Organs of Generation
Organs of Generation
‘THE preparation of the Instruments of Generation, is no less in the Body of Women, than it is in the Body of Men, for there are those by which the Seed is produced, and mixed with the Seed of Man being produced, and stirred up for the Generation of the Child; such as regard the Seminal matter are the preparing vessels, the Testicles, the perfecting vessels to which those that cast it out are joyned The Womb is for the Conception of the Child’.
Johann Vesling, The anatomy of the body of man (London, 1653), p. 26.[1]
Reinier de Graaf, Opera omnia (Leiden, 1677), Tabula prima, opposite p. 165.
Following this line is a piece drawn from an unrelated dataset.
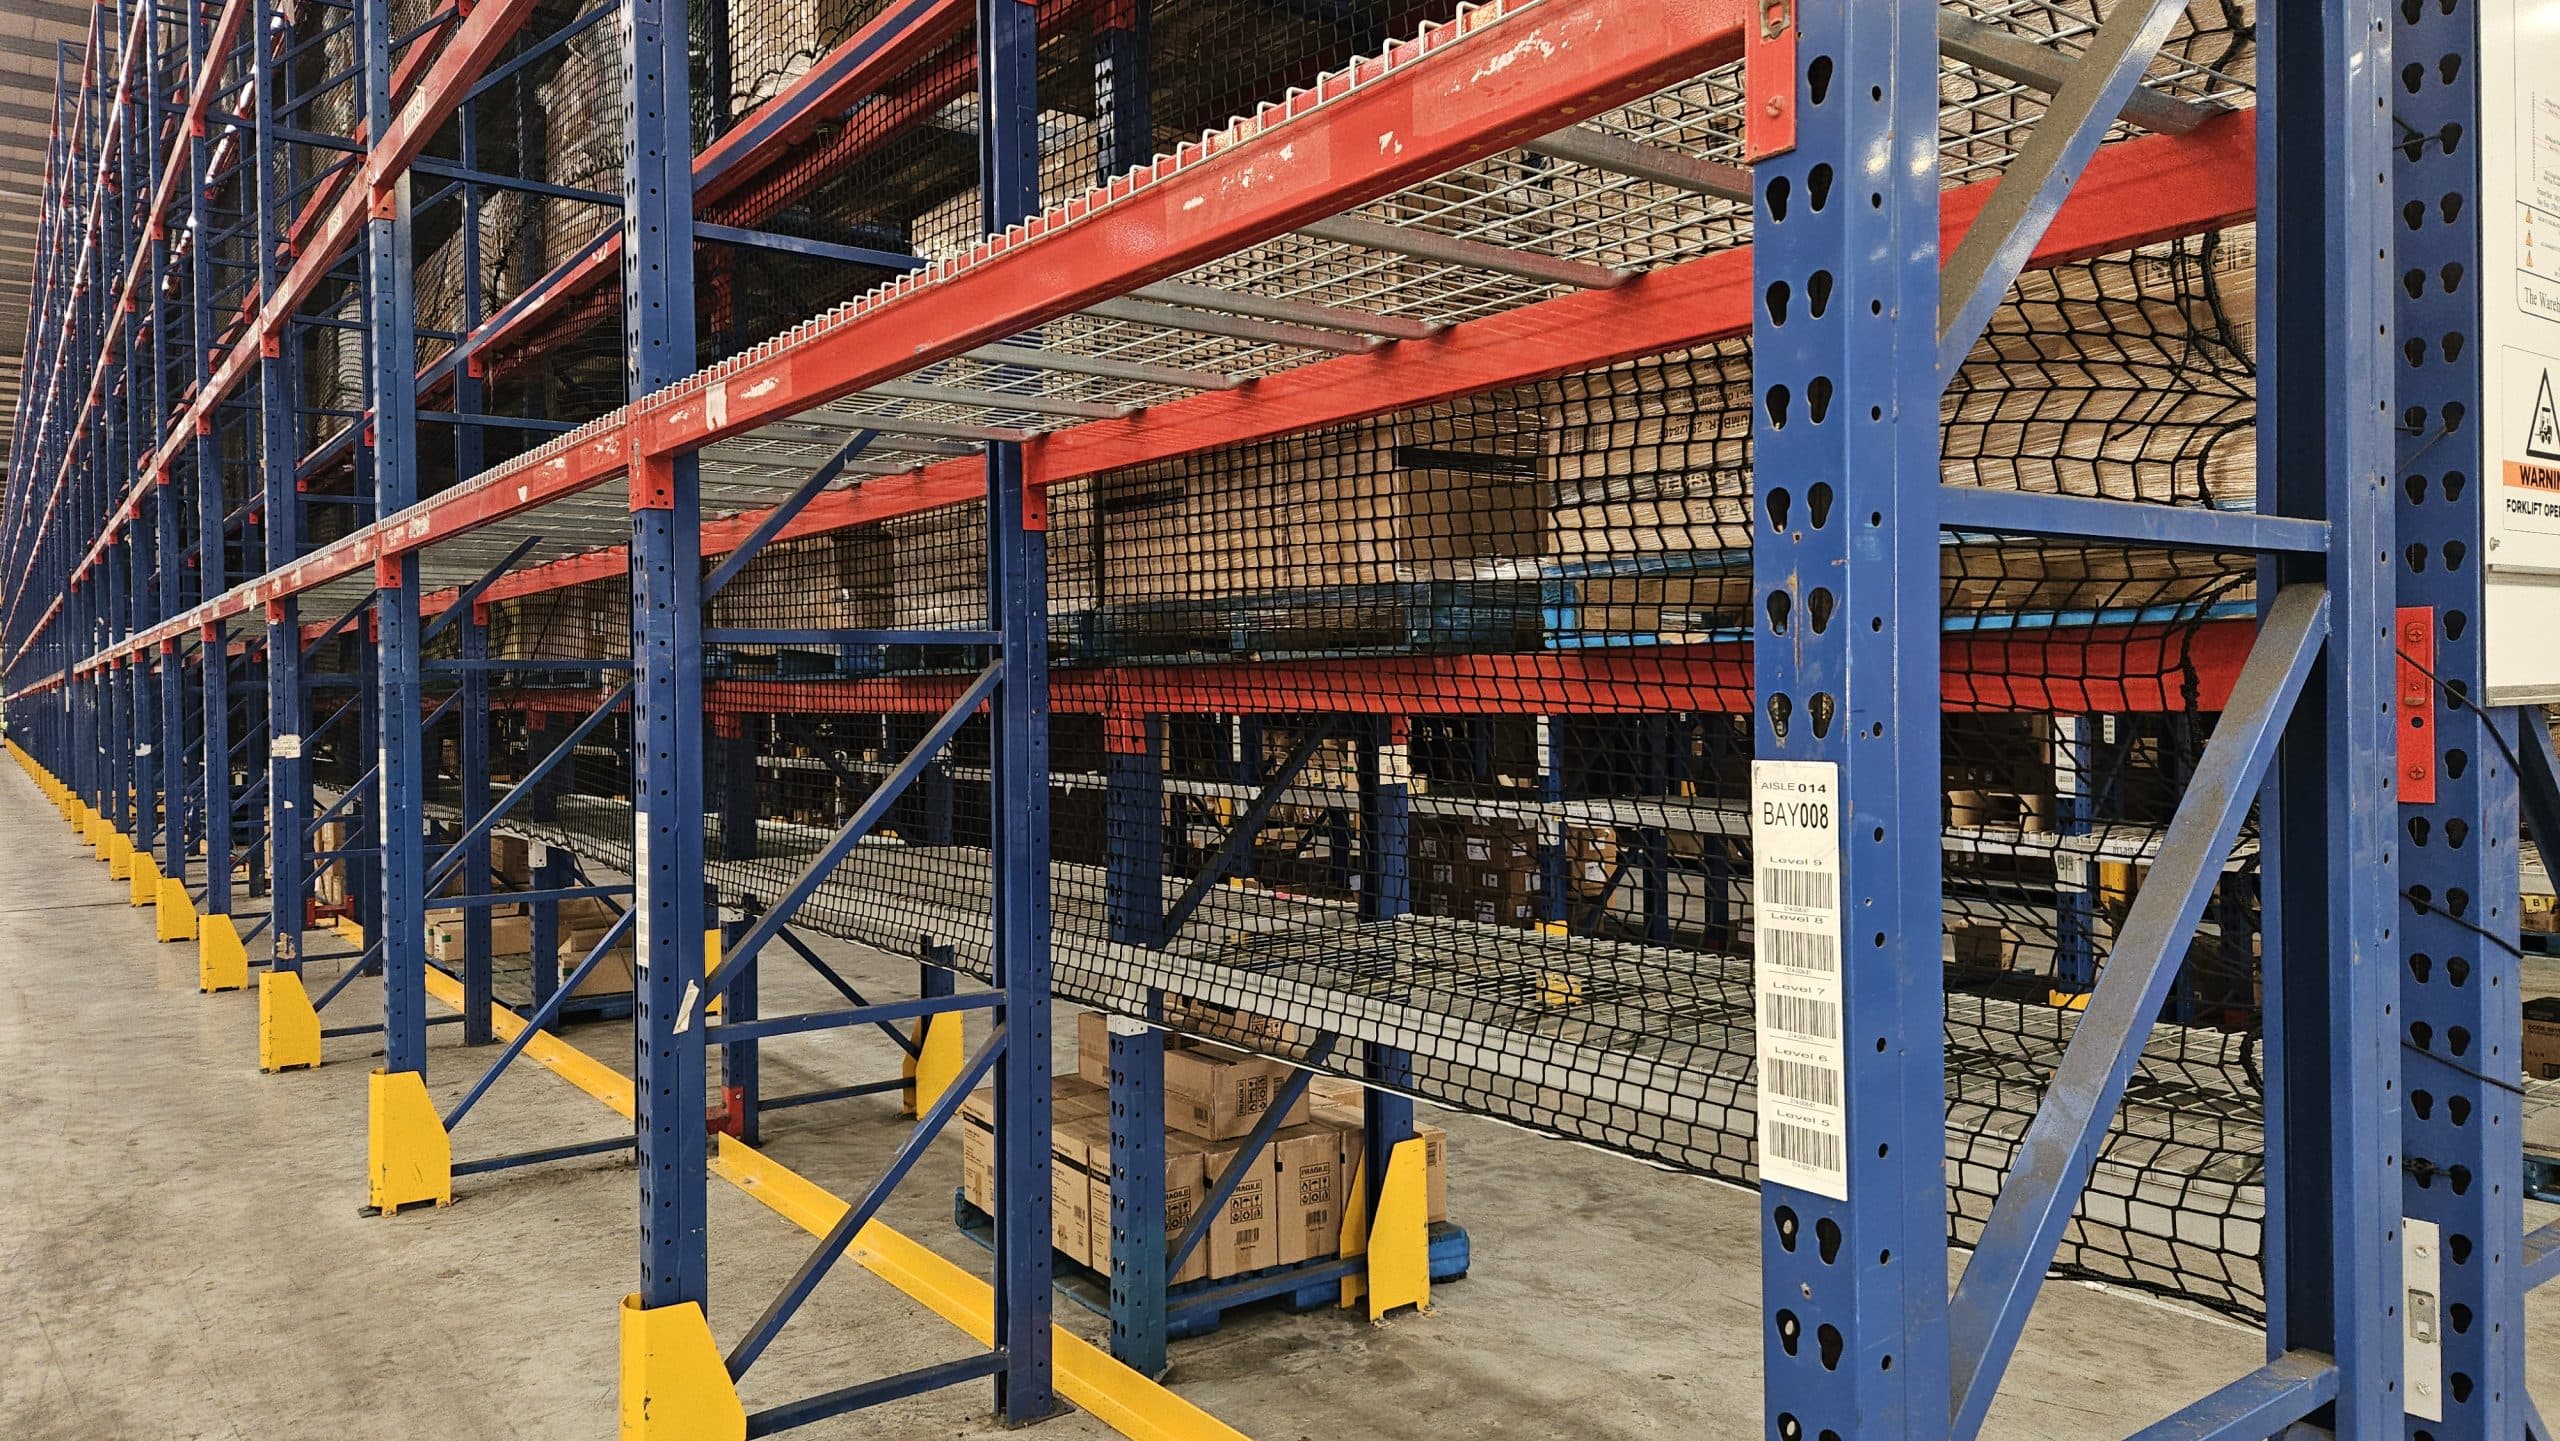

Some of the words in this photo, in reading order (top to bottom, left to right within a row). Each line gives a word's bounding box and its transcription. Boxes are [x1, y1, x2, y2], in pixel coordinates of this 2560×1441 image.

Reinier de Graaf (1641–73) is known not only for his exploration of the secretions of the pancreatic duct (discussed in Organs of Digestion), but also for his work on the male and female reproductive organs. Indeed, as Ankun et al relate, he is regarded as the founder of modern reproductive biology.[2] He published Tractus de virorum organis generationi inservenientibus (Leiden, 1668), his treatise on the male reproductive system in 1668, and four years later his even more famous discussion of the female reproductive system, De Mulierum Organis Generationi Inserventientibus (Leiden, 1672), appeared. These were combined in his collected works (along with his other publications) and were collected by Worth in a 1677 Leiden edition of his Opera omnia. De Graaf’s works were only the most famous of the texts concerning human reproduction which Worth owned. He likewise had William Cowper’s description of the musculature of the penis, and many texts by the ‘father of microbiology’, Antoni Van Leeuwenhoek (1632–1723), whose ground-breaking work on spermatozoa revolutionised early modern understanding of reproduction.
Text: Dr Elizabethanne Boran, Librarian of the Edward Worth Library, Dublin.
Sources
Ankum, W.M., H.L. Houtzager and O.P. Bleker, ‘Reinier De Graaf (1641–1673) and the Fallopian tube’, Human Reproduction Update, 2, no 4 (1996), 365–69.
Persaud, T.V.N., A History of Anatomy. The Post-Vesalian Era (Springfield, 1997).
Stolberg, Michael, ‘A Woman Down to Her Bones. The Anatomy of Sexual Difference in the Sixteenth and Early Seventeenth Centuries’, Isis, 94, no. 2 (2003), 274–99.
Thiery, M., ‘Reinier De Graaf (1641–1673) and the Graafian follicle’, Gynaecol. Surg., 6 (2009), 189–91.
[1] This English translation by Nicholas Culpeper of Johann Vesling’s Syntagma anatomicum is not in the Worth Library. Worth did, however, have two Latin editions of the work: a Frankfurt 1641 and a Padua 1647 edition, which are discussed elsewhere in this online exhibition.
[2] Ankum, W.M., H.L. Houtzager and O.P. Bleker, ‘Reinier De Graaf (1641–1673) and the Fallopian tube’, Human Reproduction Update, 2, no. 4 (1996), 365.